- _Your task_:
The response should contain all of the records, copied exactly, and none of the images.

________________

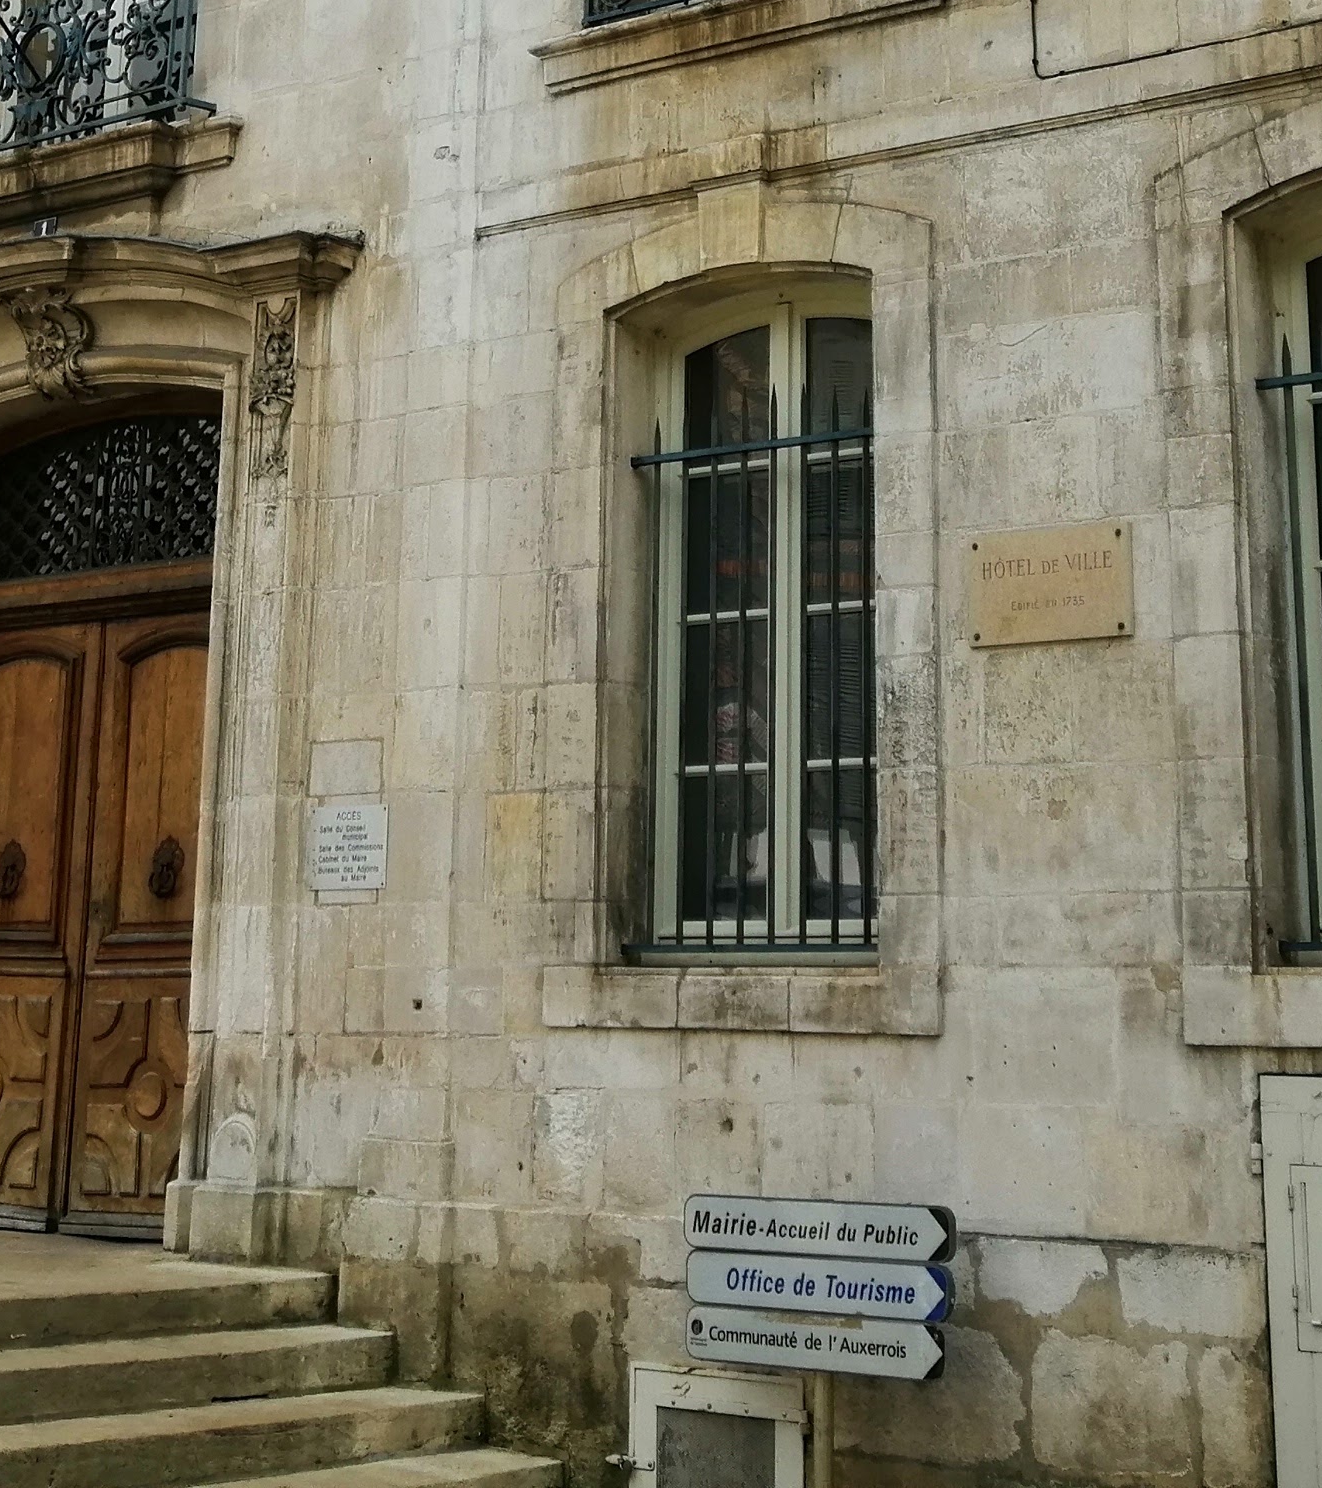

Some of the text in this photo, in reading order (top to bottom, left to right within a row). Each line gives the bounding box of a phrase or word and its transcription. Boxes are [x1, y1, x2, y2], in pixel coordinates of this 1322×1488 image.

[40, 221, 47, 237] 1
[982, 549, 1113, 580] HÔTEL DE VILLE
[1062, 595, 1085, 608] 1735
[837, 1220, 858, 1243] du
[863, 1223, 920, 1247] Public
[726, 1266, 917, 1306] Office de Tourisme
[708, 1324, 798, 1350] Communauté
[804, 1332, 822, 1352] de
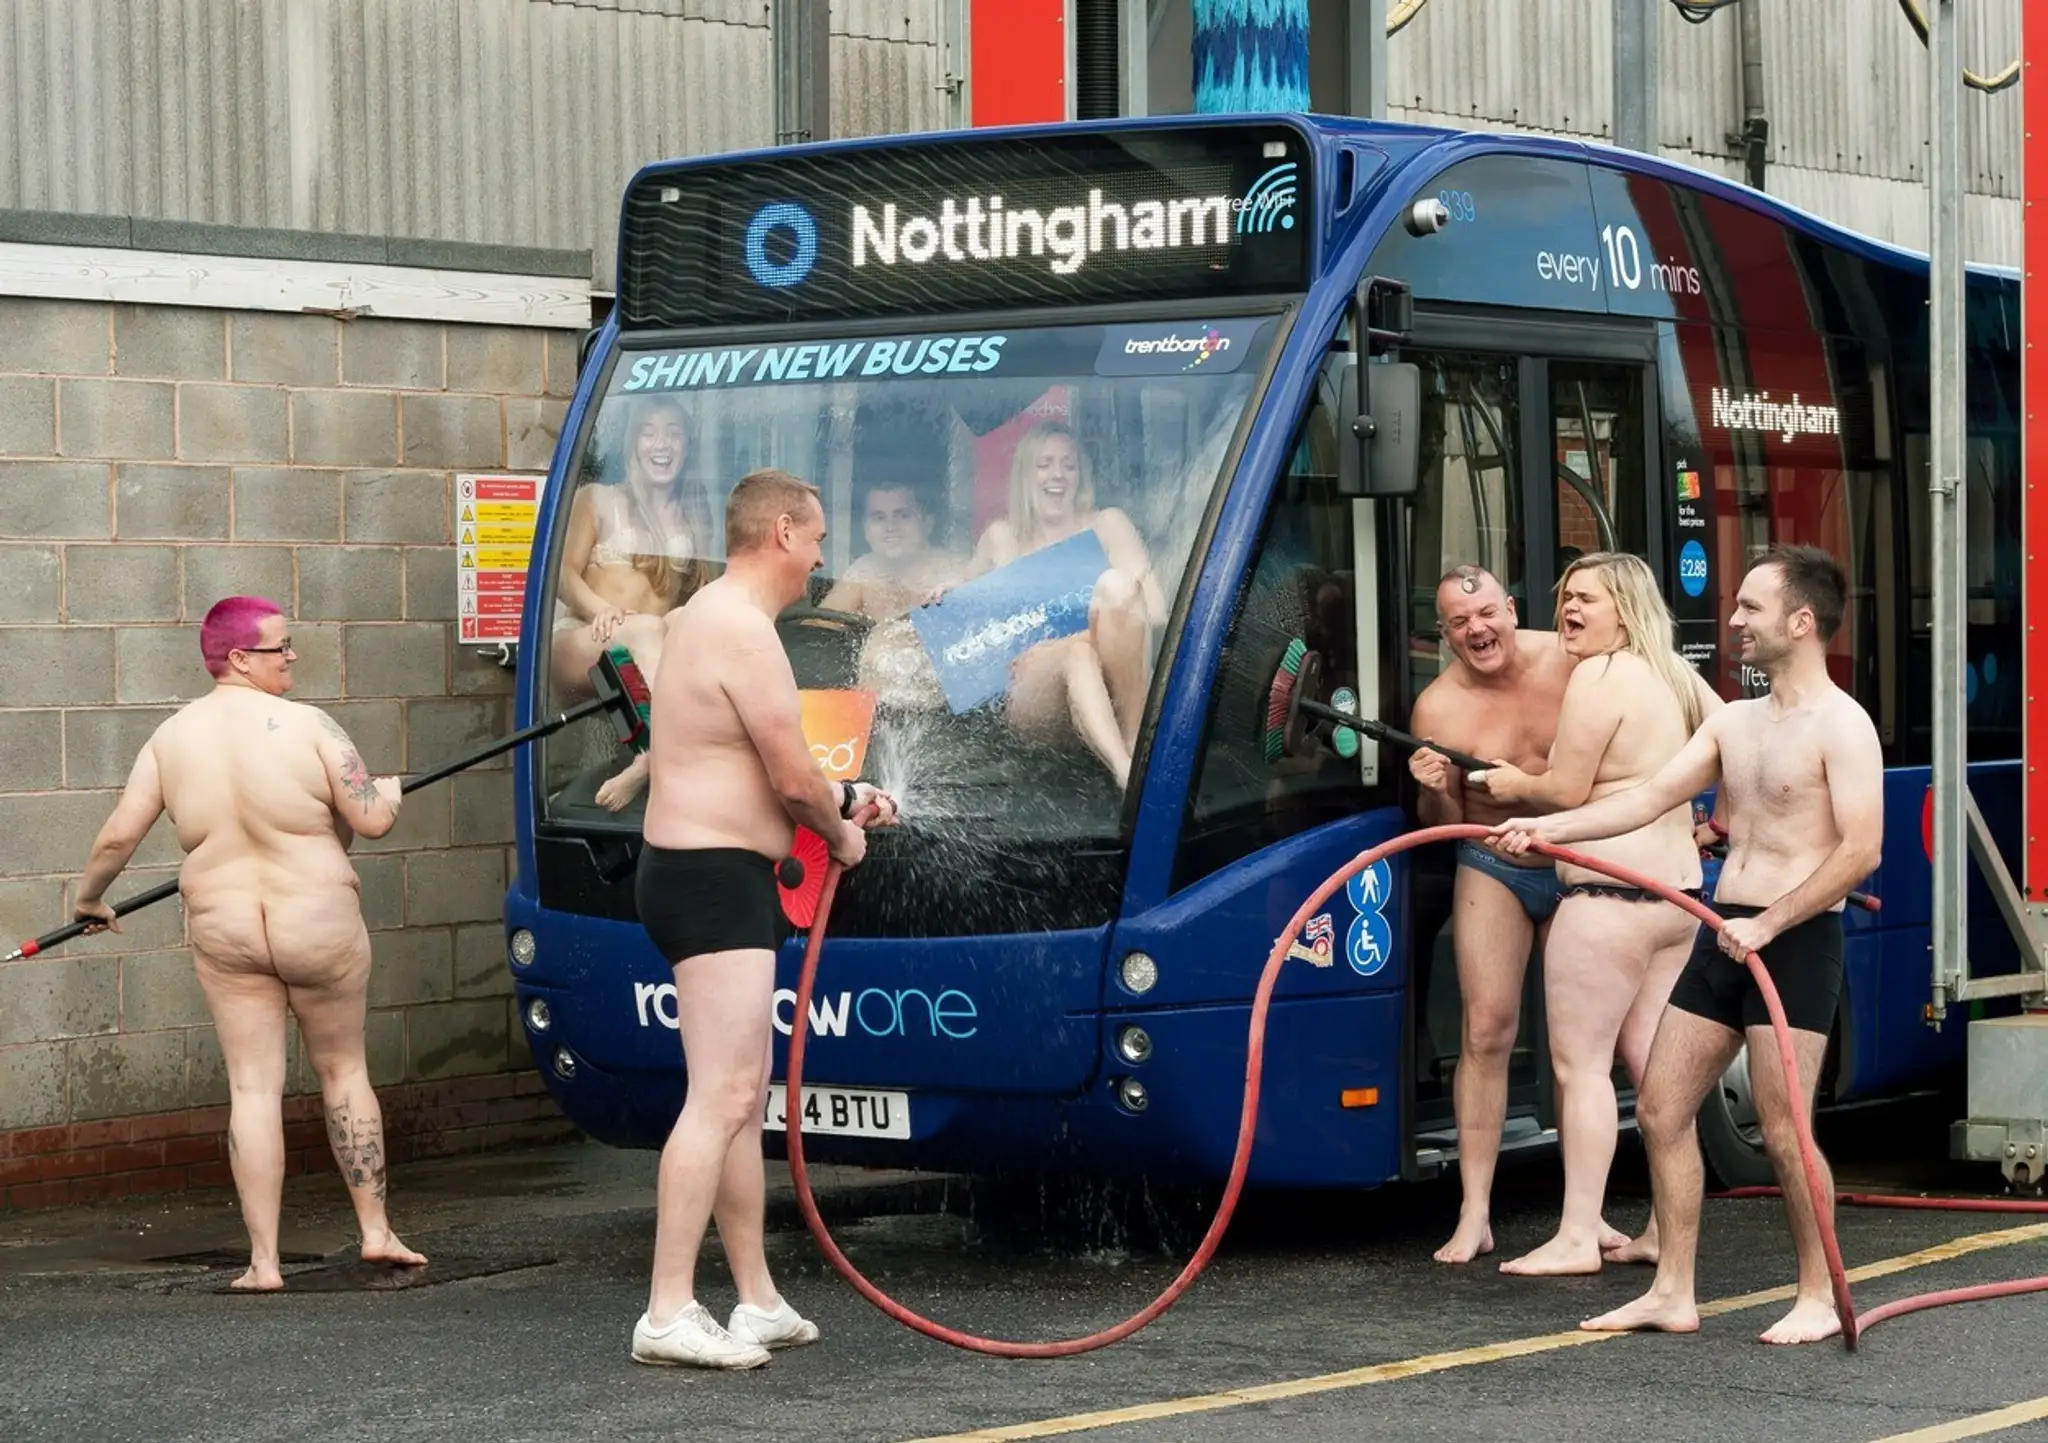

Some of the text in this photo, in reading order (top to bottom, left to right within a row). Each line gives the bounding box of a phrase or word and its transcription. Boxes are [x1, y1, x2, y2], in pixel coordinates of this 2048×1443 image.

[851, 188, 1230, 275] Nottingham
[1536, 224, 1701, 295] every 10 mins
[623, 335, 1008, 391] SHINY NEW BUSES
[1124, 333, 1230, 354] trentbarton
[1711, 387, 1840, 443] Nottingham
[856, 988, 977, 1038] one
[830, 1094, 890, 1130] BTU

________________

- _Written answer_:
Some of the text in this photo, in reading order (top to bottom, left to right within a row). Each line gives the bounding box of a phrase or word and its transcription. Boxes are [x1, y1, x2, y2], in pixel coordinates of this 1322×1488 image.

[40, 221, 47, 237] 1
[982, 549, 1113, 580] HÔTEL DE VILLE
[1062, 595, 1085, 608] 1735
[837, 1220, 858, 1243] du
[863, 1223, 920, 1247] Public
[726, 1266, 917, 1306] Office de Tourisme
[708, 1324, 798, 1350] Communauté
[804, 1332, 822, 1352] de

Some of the text in this photo, in reading order (top to bottom, left to right within a row). Each line gives the bounding box of a phrase or word and its transcription. Boxes are [x1, y1, x2, y2], in pixel coordinates of this 2048×1443 image.

[851, 188, 1230, 275] Nottingham
[1536, 224, 1701, 295] every 10 mins
[623, 335, 1008, 391] SHINY NEW BUSES
[1124, 333, 1230, 354] trentbarton
[1711, 387, 1840, 443] Nottingham
[856, 988, 977, 1038] one
[830, 1094, 890, 1130] BTU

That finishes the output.